Top of INPUT FOR THIS TASK
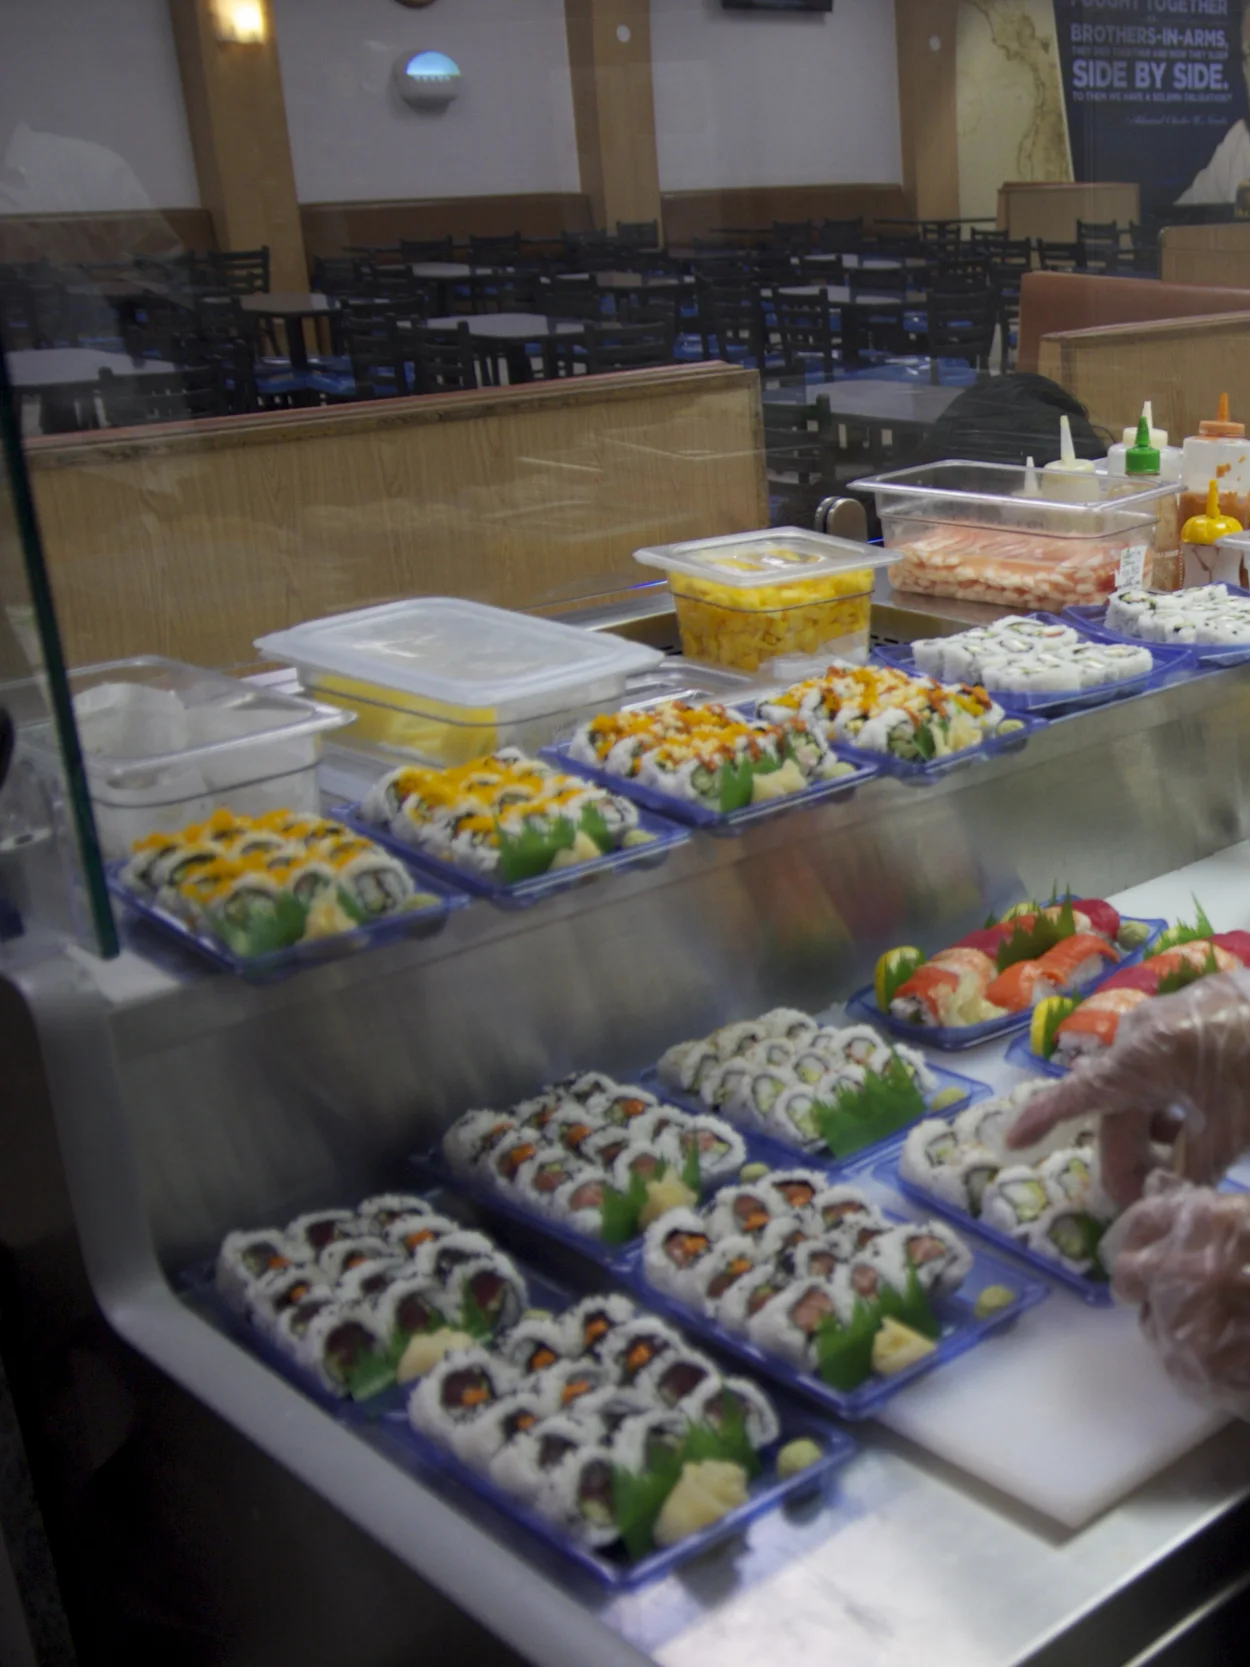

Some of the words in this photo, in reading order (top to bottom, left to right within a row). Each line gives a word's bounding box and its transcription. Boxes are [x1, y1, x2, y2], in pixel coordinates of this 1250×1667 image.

[1072, 58, 1128, 89] SIDE
[1134, 60, 1167, 90] BY
[1173, 62, 1229, 91] SIDE.
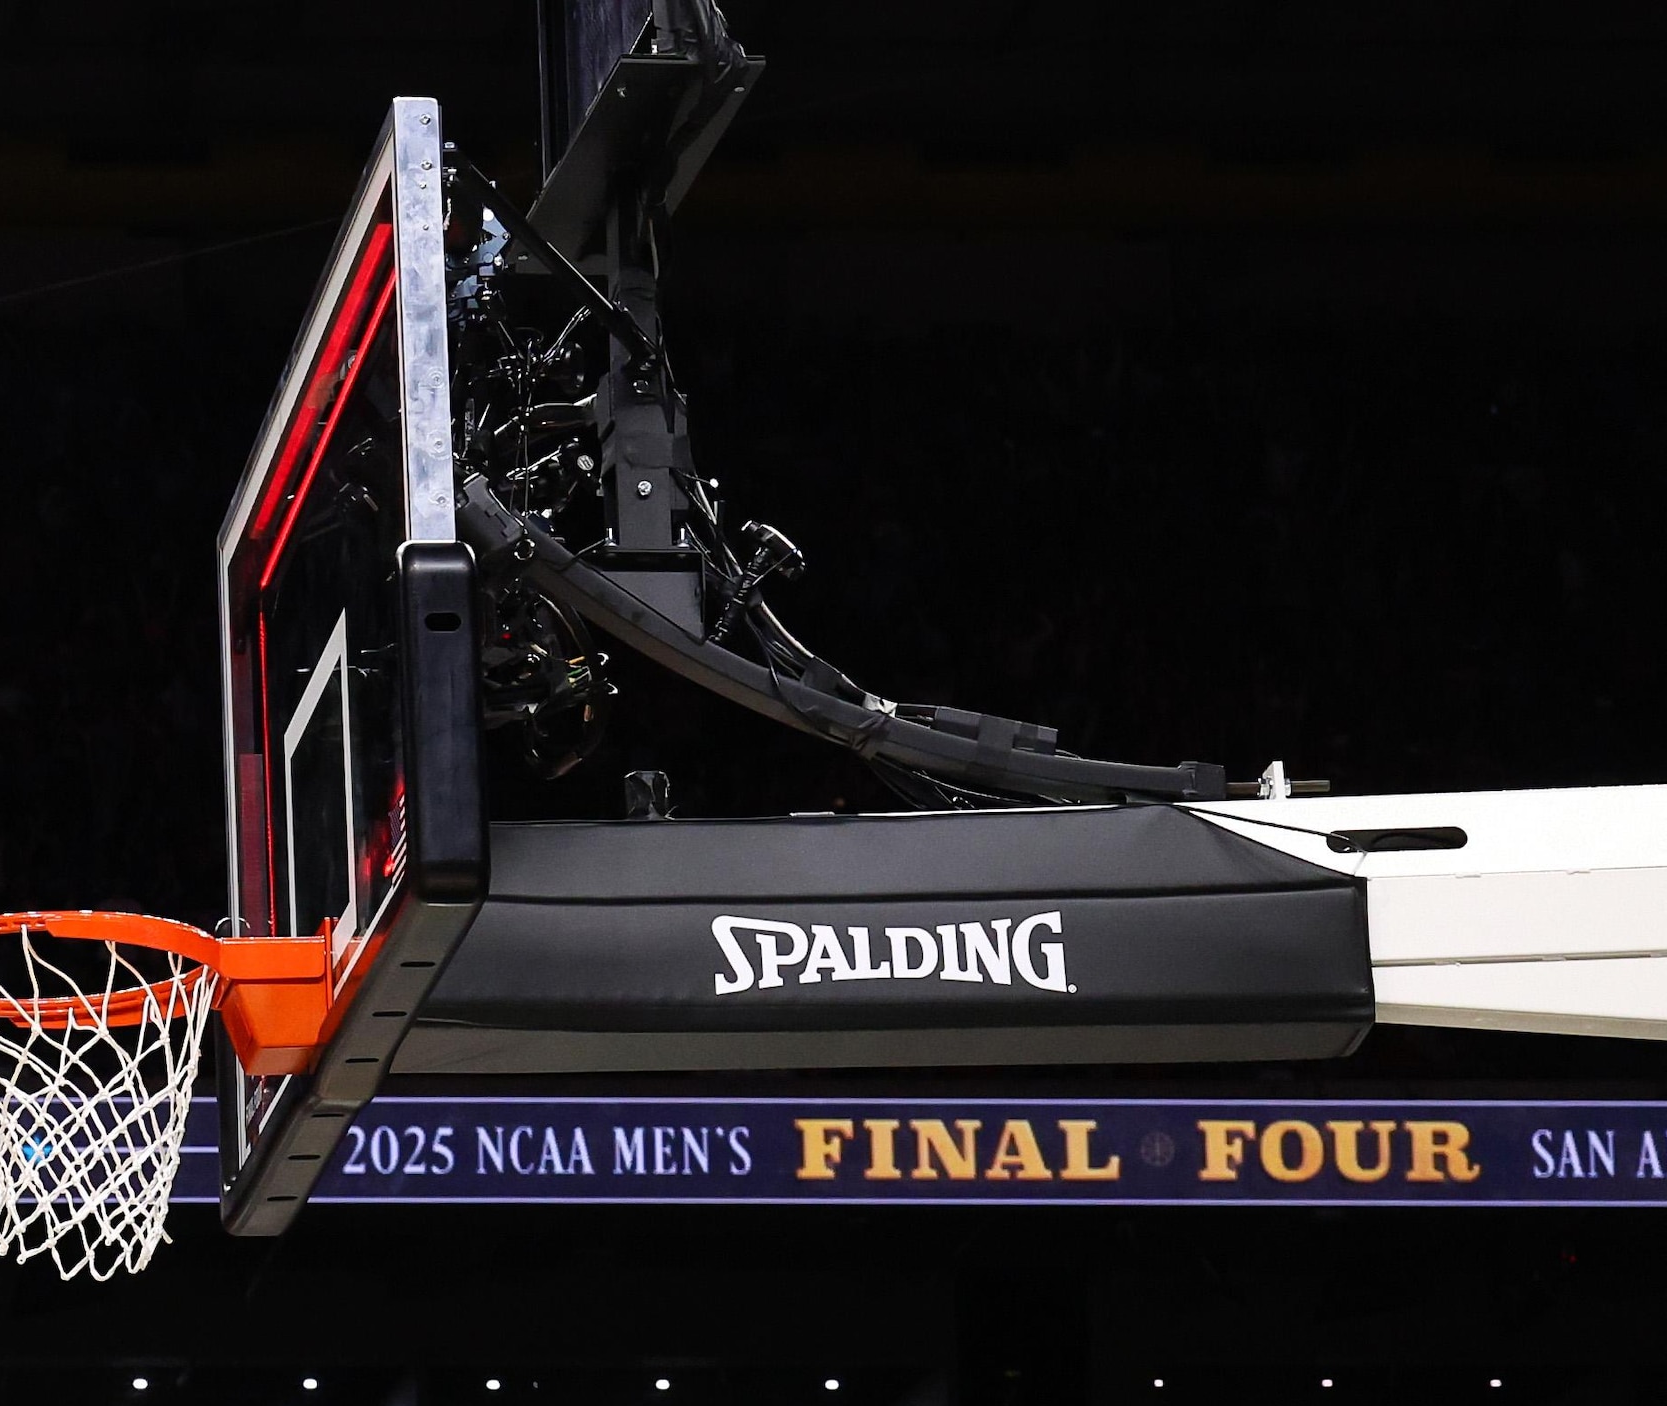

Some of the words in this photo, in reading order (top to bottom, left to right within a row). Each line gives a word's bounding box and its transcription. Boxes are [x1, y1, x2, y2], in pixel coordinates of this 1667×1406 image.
Bottom of INPUT FOR THIS TASK
TASK PROMPT - Repeat all entries exactly. Skip the pictures.

OUTPUT FOR THIS TASK -
Some of the words in this photo, in reading order (top to bottom, left to right within a row). Each line gives a word's bounding box and its transcription. Boxes are [x1, y1, x2, y2], in pixel coordinates of this 1250×1667 image.

[1072, 58, 1128, 89] SIDE
[1134, 60, 1167, 90] BY
[1173, 62, 1229, 91] SIDE.

Some of the words in this photo, in reading order (top to bottom, left to right within a row). Each line gives a word's bounding box and its transcription. Boxes are [x1, y1, x2, y2], in pixel coordinates of this 1667×1406 image.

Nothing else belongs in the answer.